» **DATA RECORDS**
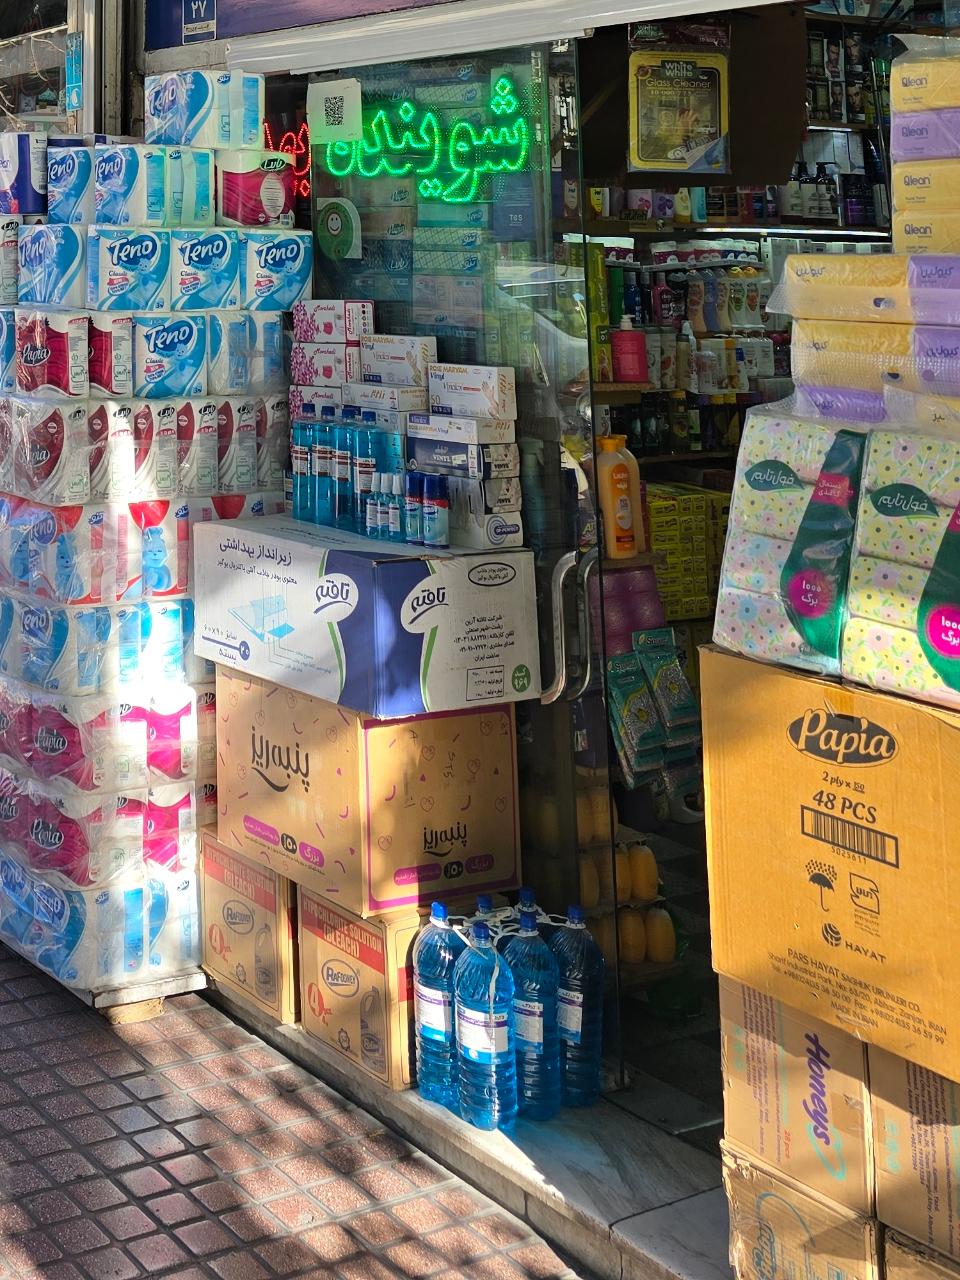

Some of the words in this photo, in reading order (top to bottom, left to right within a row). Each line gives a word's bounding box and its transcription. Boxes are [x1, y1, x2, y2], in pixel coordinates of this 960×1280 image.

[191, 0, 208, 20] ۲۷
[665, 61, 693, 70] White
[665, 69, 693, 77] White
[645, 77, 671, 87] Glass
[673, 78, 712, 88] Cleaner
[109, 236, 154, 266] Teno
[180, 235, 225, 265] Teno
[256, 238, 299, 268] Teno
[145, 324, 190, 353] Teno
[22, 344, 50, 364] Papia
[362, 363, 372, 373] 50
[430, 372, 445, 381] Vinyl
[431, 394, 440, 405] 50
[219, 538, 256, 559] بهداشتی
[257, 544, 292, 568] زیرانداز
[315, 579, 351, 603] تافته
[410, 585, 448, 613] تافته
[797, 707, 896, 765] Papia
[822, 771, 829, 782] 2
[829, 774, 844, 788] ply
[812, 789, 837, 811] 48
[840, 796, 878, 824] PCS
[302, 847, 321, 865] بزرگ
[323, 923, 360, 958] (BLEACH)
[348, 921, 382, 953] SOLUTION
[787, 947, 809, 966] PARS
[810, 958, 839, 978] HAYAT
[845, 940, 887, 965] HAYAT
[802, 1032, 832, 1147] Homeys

» **WORK TO COMPLETE**
Each record is to be written out exactly. No picture goes in.

» **COMPLETED EXERCISE**
Some of the words in this photo, in reading order (top to bottom, left to right within a row). Each line gives a word's bounding box and its transcription. Boxes are [x1, y1, x2, y2], in pixel coordinates of this 960×1280 image.

[191, 0, 208, 20] ۲۷
[665, 61, 693, 70] White
[665, 69, 693, 77] White
[645, 77, 671, 87] Glass
[673, 78, 712, 88] Cleaner
[109, 236, 154, 266] Teno
[180, 235, 225, 265] Teno
[256, 238, 299, 268] Teno
[145, 324, 190, 353] Teno
[22, 344, 50, 364] Papia
[362, 363, 372, 373] 50
[430, 372, 445, 381] Vinyl
[431, 394, 440, 405] 50
[219, 538, 256, 559] بهداشتی
[257, 544, 292, 568] زیرانداز
[315, 579, 351, 603] تافته
[410, 585, 448, 613] تافته
[797, 707, 896, 765] Papia
[822, 771, 829, 782] 2
[829, 774, 844, 788] ply
[812, 789, 837, 811] 48
[840, 796, 878, 824] PCS
[302, 847, 321, 865] بزرگ
[323, 923, 360, 958] (BLEACH)
[348, 921, 382, 953] SOLUTION
[787, 947, 809, 966] PARS
[810, 958, 839, 978] HAYAT
[845, 940, 887, 965] HAYAT
[802, 1032, 832, 1147] Homeys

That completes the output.